Below are some entries; reproduce them exactly and leave every picture out.

════════════════════

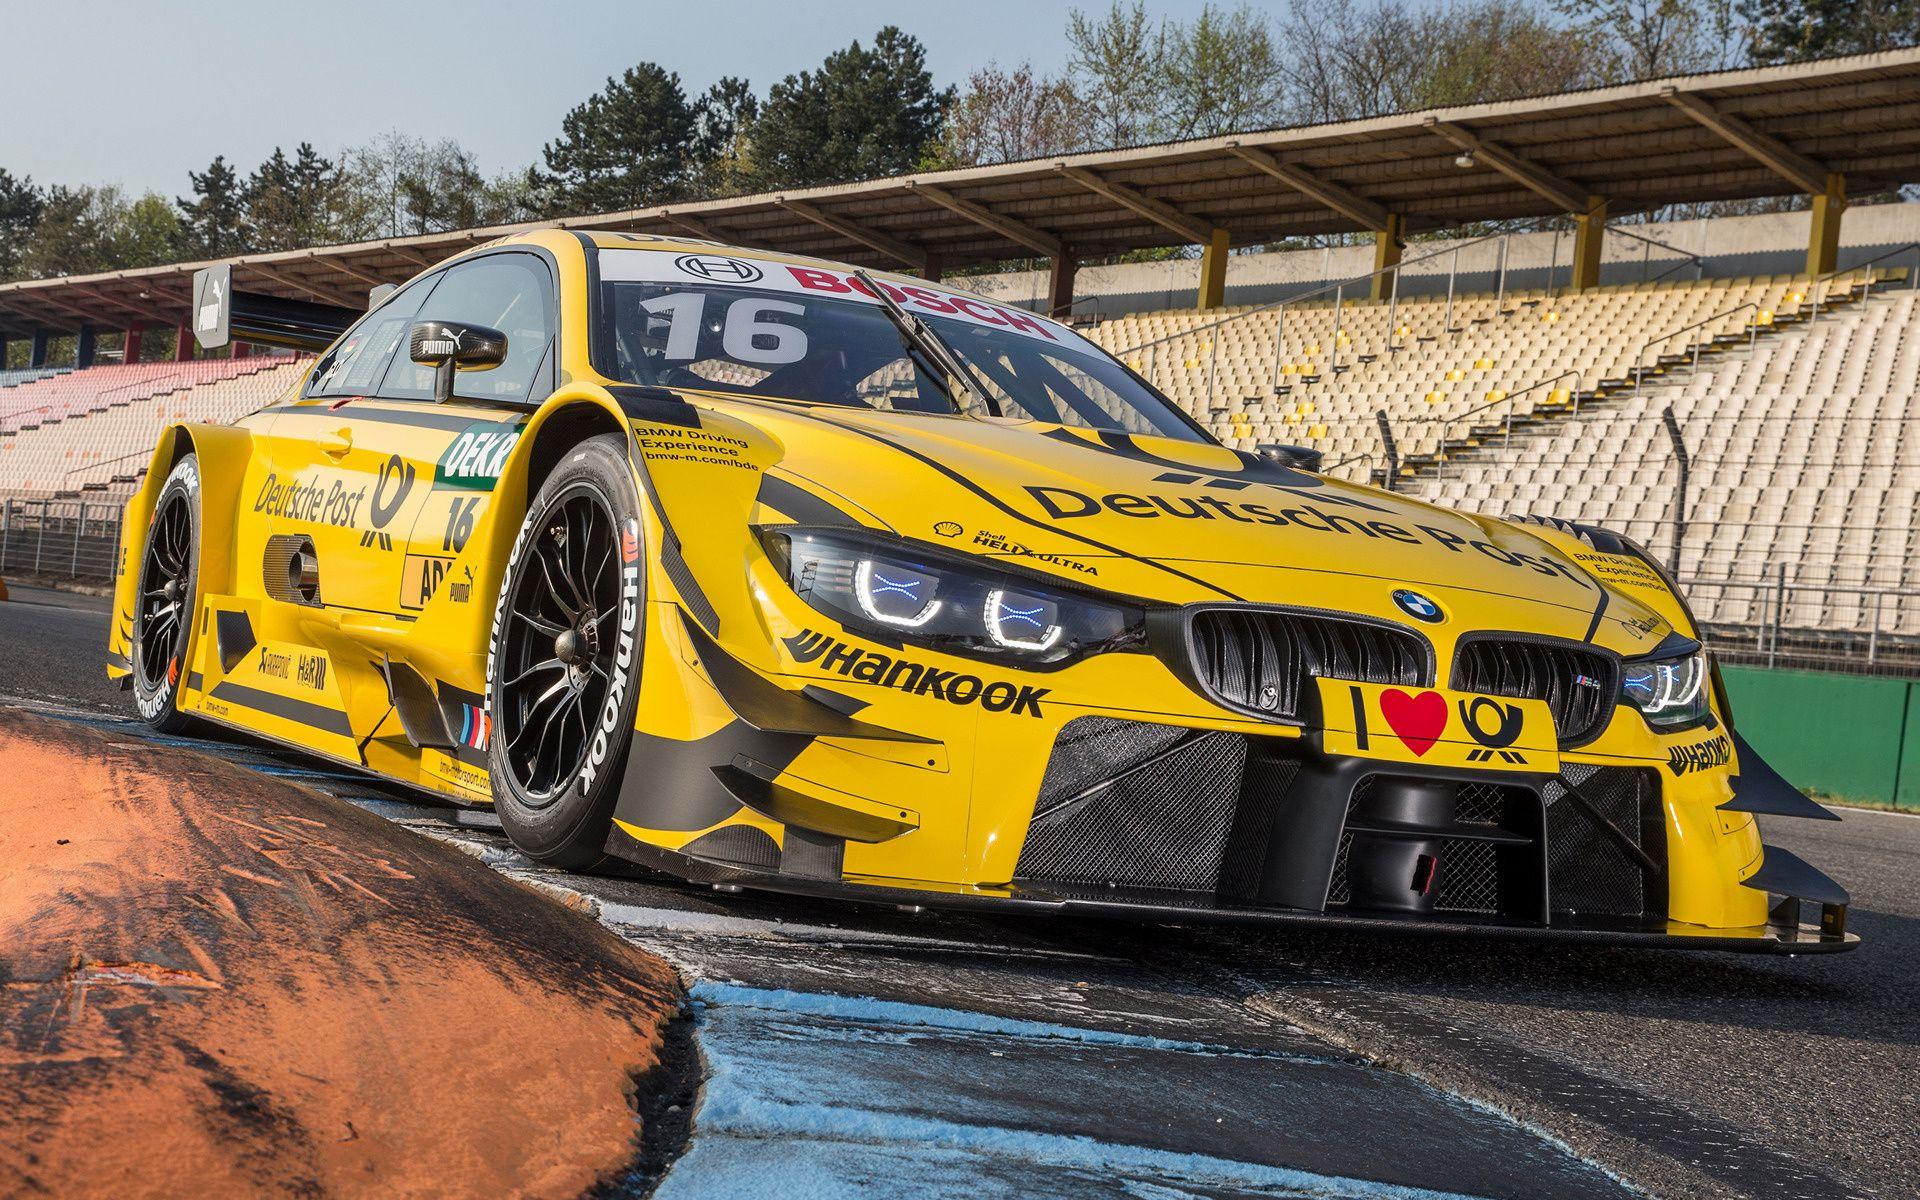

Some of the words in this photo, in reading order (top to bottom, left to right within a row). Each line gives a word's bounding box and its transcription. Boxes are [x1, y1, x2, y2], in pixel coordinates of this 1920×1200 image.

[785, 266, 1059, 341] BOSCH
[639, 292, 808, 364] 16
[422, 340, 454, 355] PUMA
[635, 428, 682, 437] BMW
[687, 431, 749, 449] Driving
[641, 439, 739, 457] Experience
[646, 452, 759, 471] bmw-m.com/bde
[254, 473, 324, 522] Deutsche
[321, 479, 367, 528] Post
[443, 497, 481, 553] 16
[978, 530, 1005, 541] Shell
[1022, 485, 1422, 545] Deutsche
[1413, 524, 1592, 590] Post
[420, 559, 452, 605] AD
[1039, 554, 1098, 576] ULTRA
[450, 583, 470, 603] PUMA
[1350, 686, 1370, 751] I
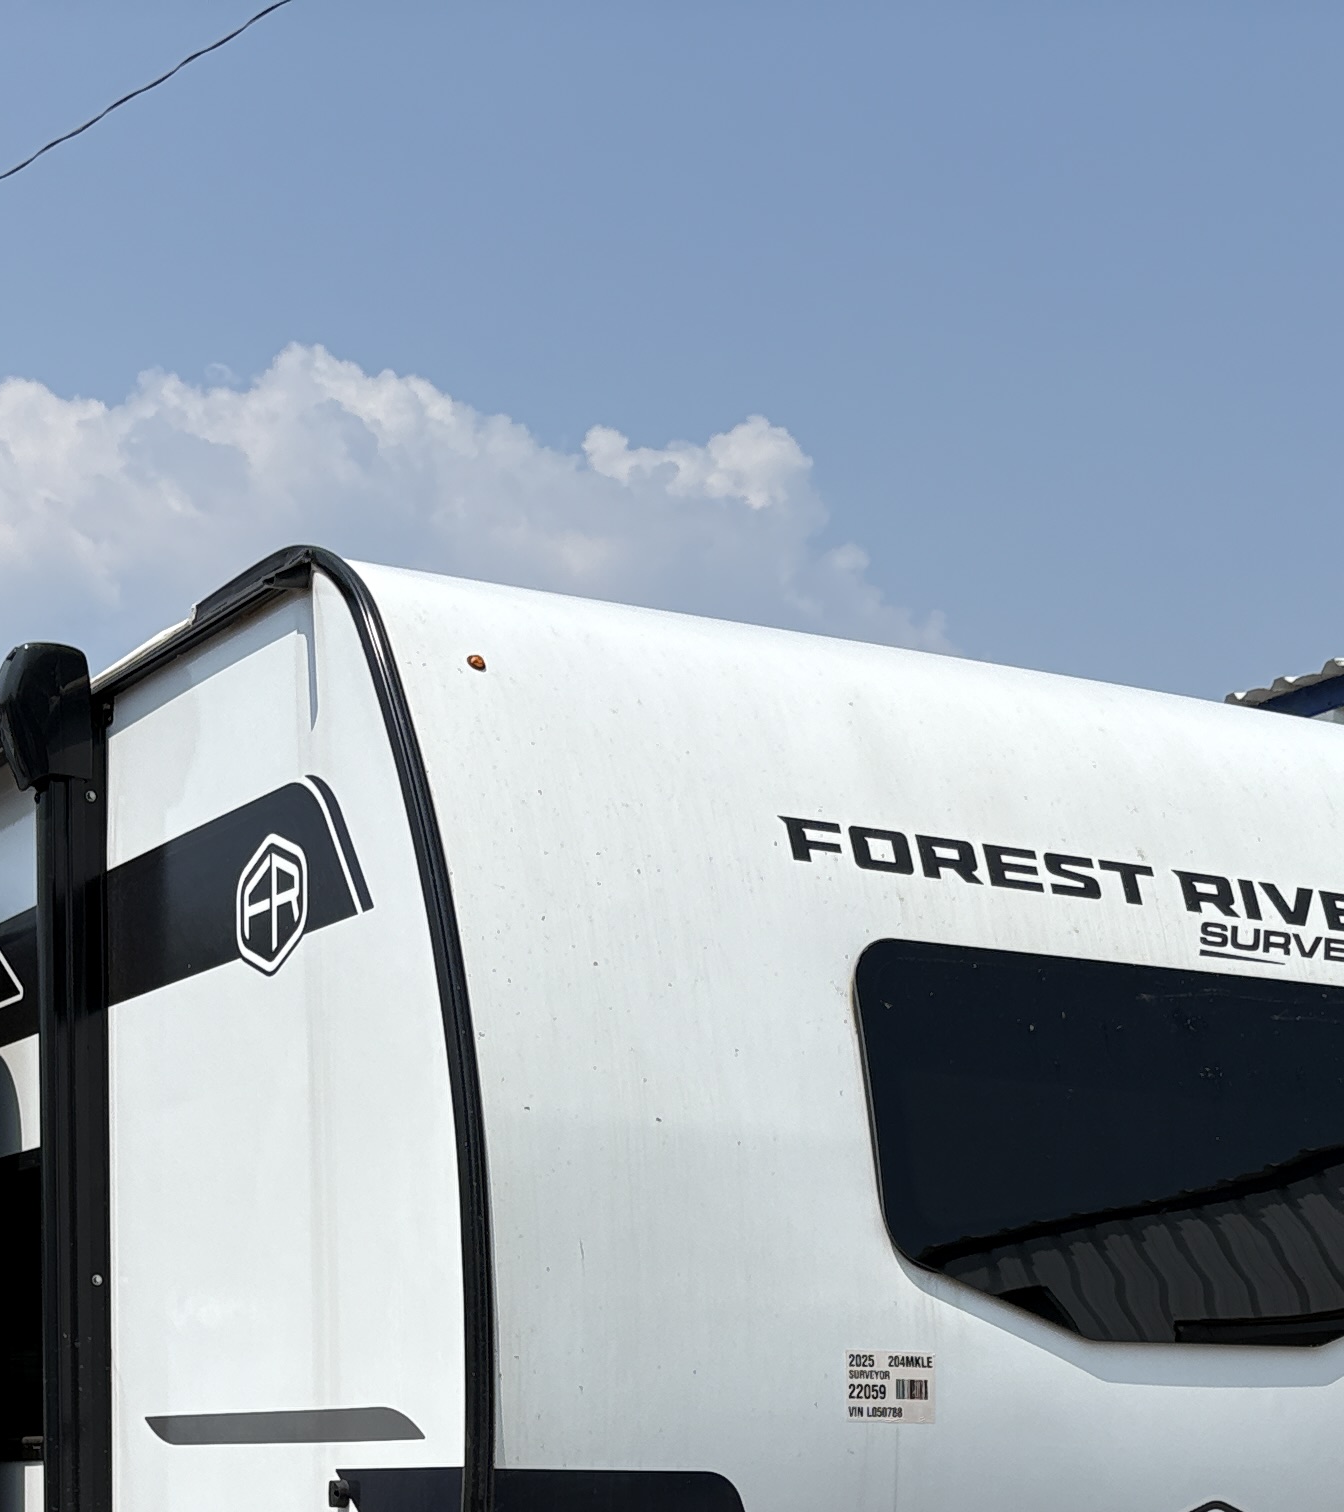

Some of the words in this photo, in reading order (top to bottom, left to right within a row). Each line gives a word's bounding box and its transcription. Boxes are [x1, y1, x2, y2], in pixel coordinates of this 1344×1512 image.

════════════════════

*Task output*:
Some of the words in this photo, in reading order (top to bottom, left to right within a row). Each line gives a word's bounding box and its transcription. Boxes are [x1, y1, x2, y2], in pixel coordinates of this 1920×1200 image.

[785, 266, 1059, 341] BOSCH
[639, 292, 808, 364] 16
[422, 340, 454, 355] PUMA
[635, 428, 682, 437] BMW
[687, 431, 749, 449] Driving
[641, 439, 739, 457] Experience
[646, 452, 759, 471] bmw-m.com/bde
[254, 473, 324, 522] Deutsche
[321, 479, 367, 528] Post
[443, 497, 481, 553] 16
[978, 530, 1005, 541] Shell
[1022, 485, 1422, 545] Deutsche
[1413, 524, 1592, 590] Post
[420, 559, 452, 605] AD
[1039, 554, 1098, 576] ULTRA
[450, 583, 470, 603] PUMA
[1350, 686, 1370, 751] I

Some of the words in this photo, in reading order (top to bottom, left to right within a row). Each line gives a word's bounding box and its transcription. Boxes are [x1, y1, x2, y2], in pixel coordinates of this 1344×1512 image.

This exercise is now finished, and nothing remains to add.